Göç Sosyolojisi kitabında konuları işlerken yerelden küresele
doğru bir seyir izlenecektir. Önce Türkiye’de iç göç süreçleri, kentleşme ve hemşehrilik ilişkileri incelenecek, daha sonra ise Türkiye’den yurt dışına göçleri ve Türkiye’ye yurt dışından yönelen
göçler ele alınacaktır.
Küreselleşen dünyada göç hareketlerini ele alırken, önce genel
olarak küresel düzensiz göç görünümünü, daha sonra Avrupa’ya
düzensiz göçleri işleyeceğiz. 11 Eylül olaylarının ardından güvenlik temelli bir göçmen ve sınır politikası izleyen Avrupa ülkeleri,
son yıllardaki yasadışı/ düzensiz göçler ile özellikle sınırlarını daha
da güçlendirerek bir Avrupa Kalesi oluşturma yoluna gitmiştir.
Güvenlikçi göç politikaları ve Avrupa’nın göçmen akımlarıyla
değişen yeni toplum yapısını bu kitapta incelediğimiz konular arasında olacaktır.
v
Küreselleşme, diaspora kavramının da çerçevesinin değişmesine
neden olmuştur.
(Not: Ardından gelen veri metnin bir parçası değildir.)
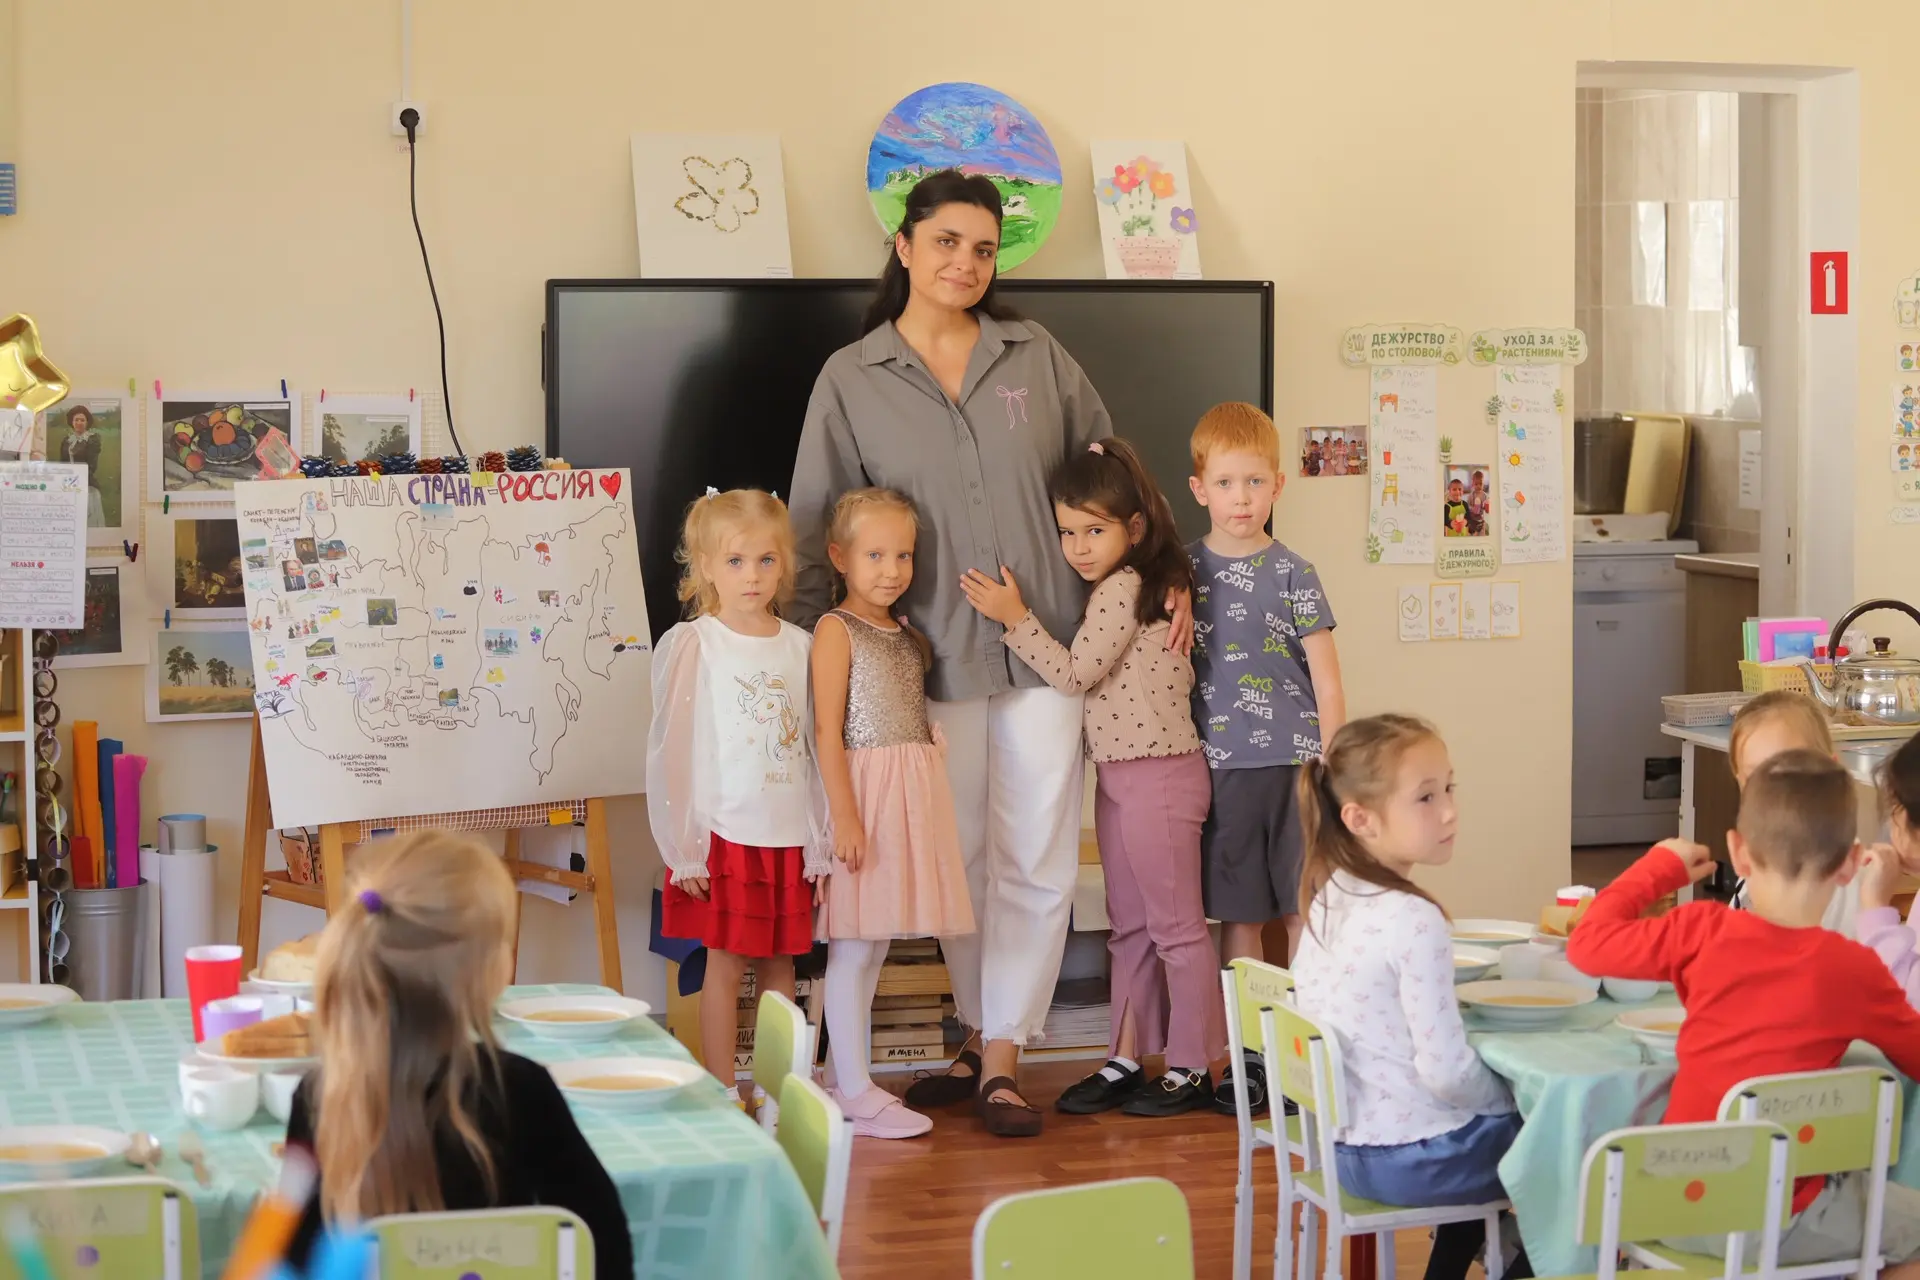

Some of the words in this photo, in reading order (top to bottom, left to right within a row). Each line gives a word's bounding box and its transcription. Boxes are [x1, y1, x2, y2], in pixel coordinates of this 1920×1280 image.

Modern diaspora yaklaşımına göre diasporalar,
klasik anlayıştan farklı olarak ‘zorunlu göç veya sürgünle’ oluşmak
zorunda olmayıp, işçi göçleri ile de oluşabilmektedir. Bu durumda
işgücü anlaşmalarıyla misafir işçi olarak başlayan göç süreci de Avrupa’da bir diaspora oluşmasına neden olmuştur. Klasik diaspora
yaklaşımında, anavatanlarından uzakta yaşayanlar, ‘geri dönüş’ fikrini hep canlı tutmakta ve kuşaktan kuşağa aktarmaktadır. Kitabın
modern diasporalar bölümünde, göç çalışmalarında genellikle ihmal
edilen ‘geri dönüş göçleri’ de ele alınacaktır.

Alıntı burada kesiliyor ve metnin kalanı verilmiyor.